Ms. Dorrer: Well, I well remember the high school was on Hudson Street, and the Elementary school was right down the street, not far from that. When I graduated from high school, there were fifty-seven of us, and I graduated in the class of 1923. I'm friendly with the girl who was the president of our class, her name is Dorothy Statsir, and she and I are the only two living members of the class of 1923, we think. We talked the other night because she somehow heard that I had moved from my home in Neptune, or in Sea Girt and she called me.

Ms. Wikoff: Wasn't her father the postmaster in Freehold? Bernard Statsir?

Ms. Dorrer: That wasn't her father, that was -

Ms. Wikoff: Her uncle?

Ms. Dorrer: Something like that. The Statsirs were very well known.

Ms. Wikoff: They were relatives of -

Ms. Dorrer: Bill Statsir was her husband, yes William Statsir.

Ms. Wikoff: The Statsirs were related to Charles's mother.

Ms. Dorrer: Yes.

Ms. Wikoff: And that's a nice background that you - in a way some people say, "Wasn't that a terrible background?" but really it was our upbringing.

Ms. Dorrer: Yes, but I cannot believe that two weeks from today I will be ninety-five years old.

Ms. Wikoff: Really? Well, you deserve a medal for -

Ms. Dorrer: And when I think of the people I've known, and all the associations I've had, it's just wonderful.

Ms. Wikoff: Well, to have this grand memory is worth so much, and then to share it with our people here in Monmouth County who don't know about it is wonderful. I think, as time goes on, people are going to be more and more interested in what it was like here in the old days. What were some of the medical changes?

Ms. Dorrer: Well, you know something, there was a country doctor, well, not a country doctor, but he had an office in Freehold. I can't remember his name right now, but he -

Ms. Wikoff: It wasn't Dr. Lewis?

Ms. Dorrer: No. But Dr. Lewis, I want to tell you about that. I had contact with the person that married Dr. Lewis -

Ms. Wikoff: Oh, sure, Gould, Marianne Gould.

Ms. Dorrer: Well, she called me, and I have a letter in my collection that she wrote to me thanking me for being just such a good teacher when she was little. And her mother had -

Ms. Wikoff: The telephone office -

Ms. Dorrer: The telephone office on Tennent Avenue.

Ms. Wikoff: Yes!

Ms. Dorrer: Yes, but we started something -

Ms. Wikoff: The medical practice - 

Ms. Dorrer: Oh, the medical practice. Well, anyhow, of course, once a year they had a doctor come to Thompson's Grove, and I remember lining up. I think this doctor had a nurse or someone with him, and as I passed by, he made a remark to the nurse. He said, "This child isn't going to live long." But, you know, I always said how I fooled him!

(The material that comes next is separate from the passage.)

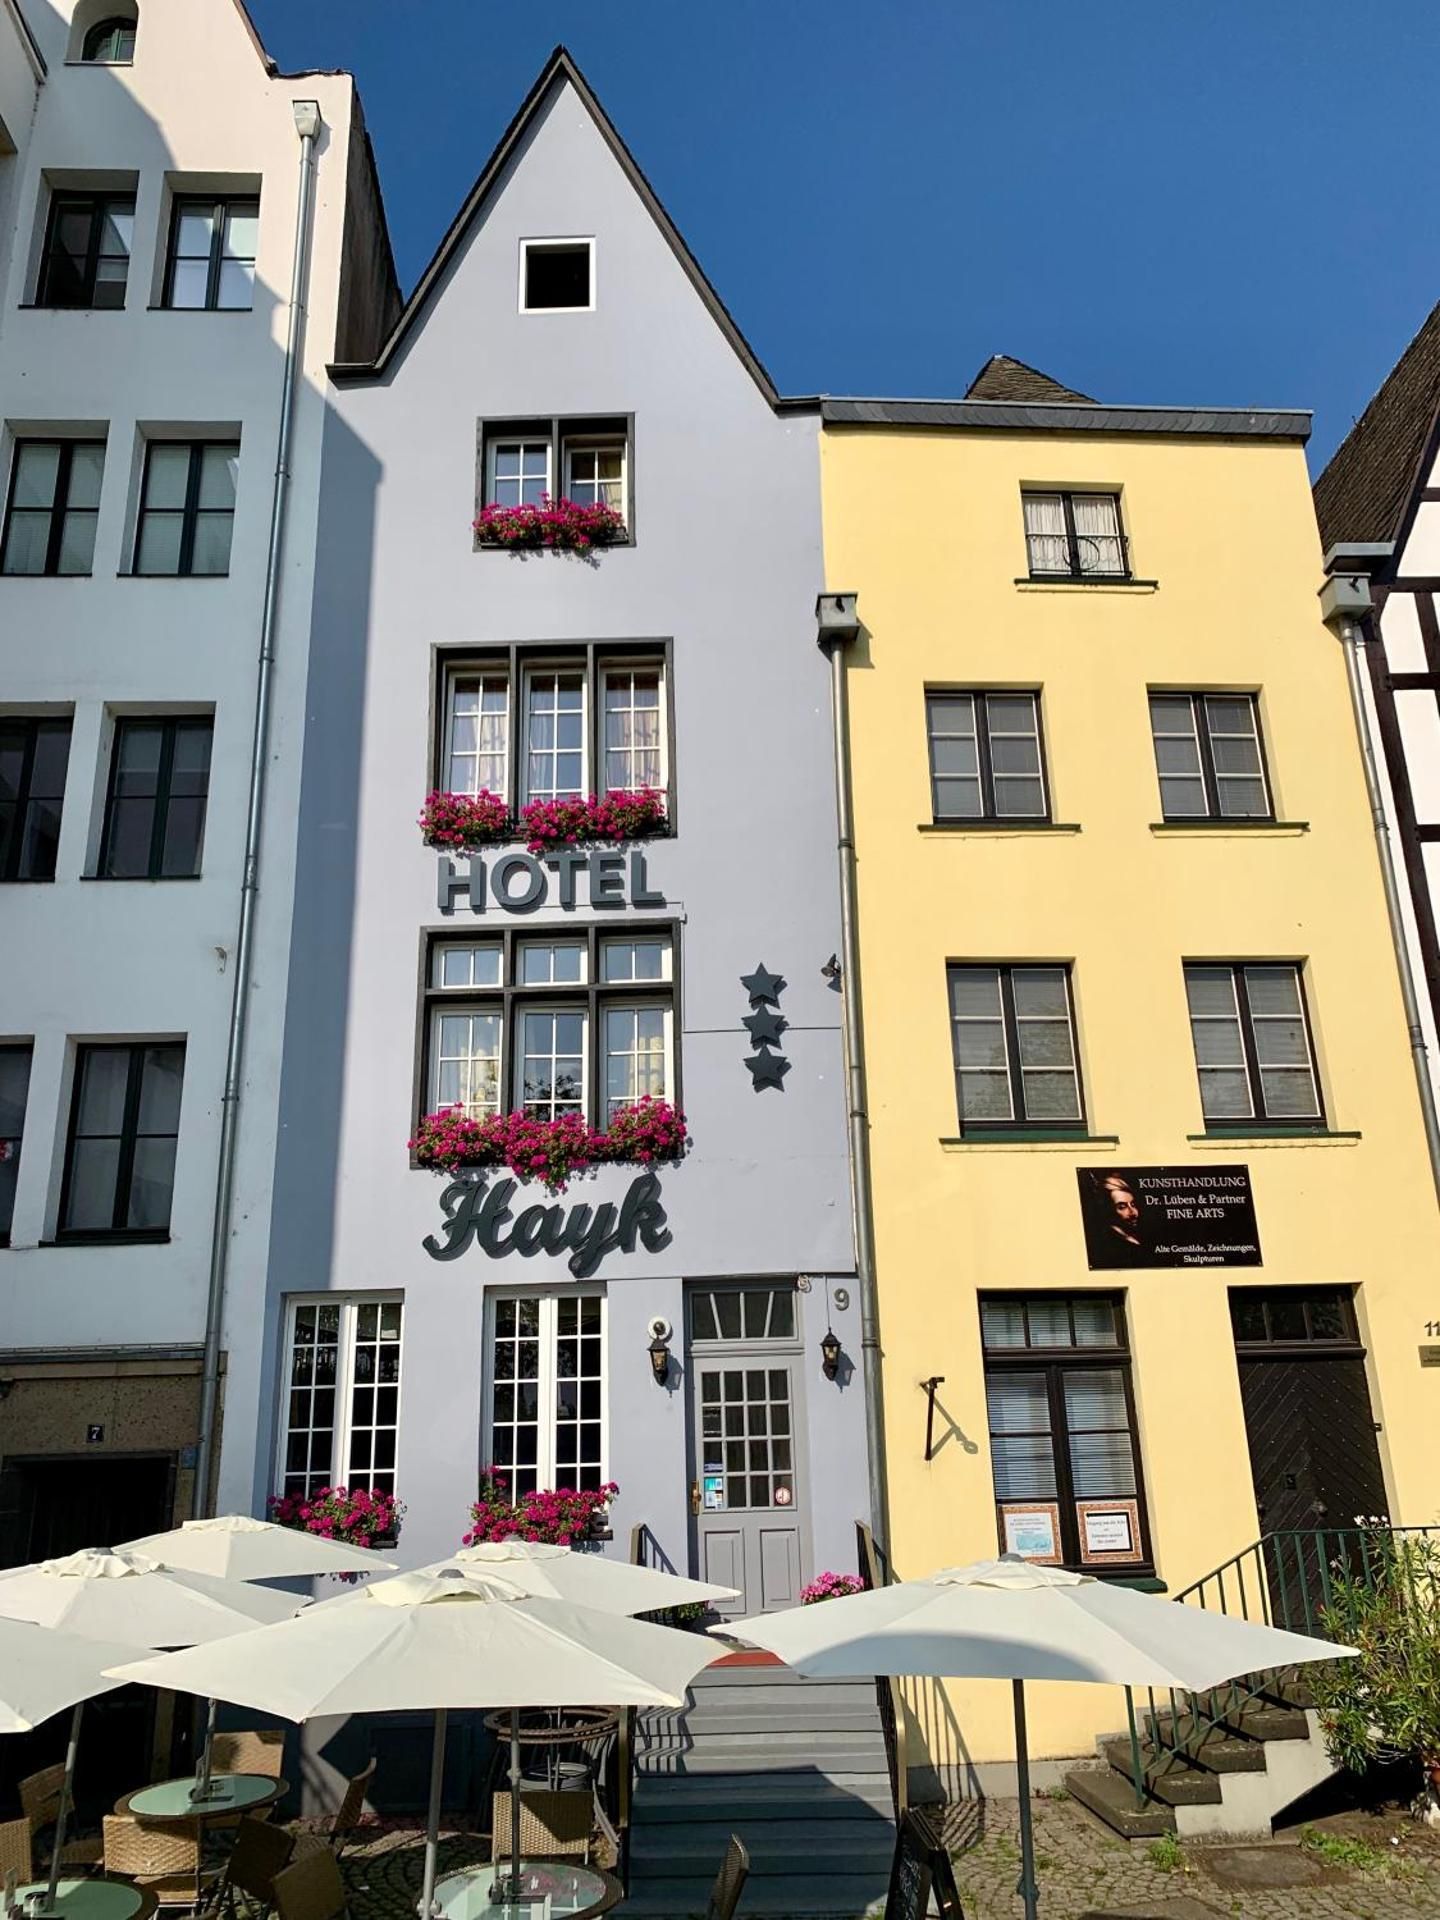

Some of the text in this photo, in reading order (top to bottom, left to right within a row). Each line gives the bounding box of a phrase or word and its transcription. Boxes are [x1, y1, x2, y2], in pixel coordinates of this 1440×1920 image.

Ms. Wikoff: Well, remember they used to look in your ears. It was just a cursory kind of examination, it was a nothing really, but they had to hire the doctor to do it.

Ms. Dorrer: Yes, but, you know even though my father was a farmer and it was not easy getting along, he always tried to see that we were taken to Dr. Anderson, in Englishtown, our doctor. By the way, he was on the Board of Education when I was hired for my first job. And Mr. Aumack was also on the Board of Education. He was Dad's boyhood friend; they went to school together, so I didn't have such a hard job getting a position.

Ms. Wikoff: Well, you know when Mr. Aumack wanted to retire, he came out and saw my husband, Charles, and he said, "Now you have children." We had just started having a family, and he said, "Now you have children and I know you'd be a good school board member," and that's how simple it was in those days, to become a school board member with no connections at all. And Charles dedicated sixteen years of his life to being a school board member.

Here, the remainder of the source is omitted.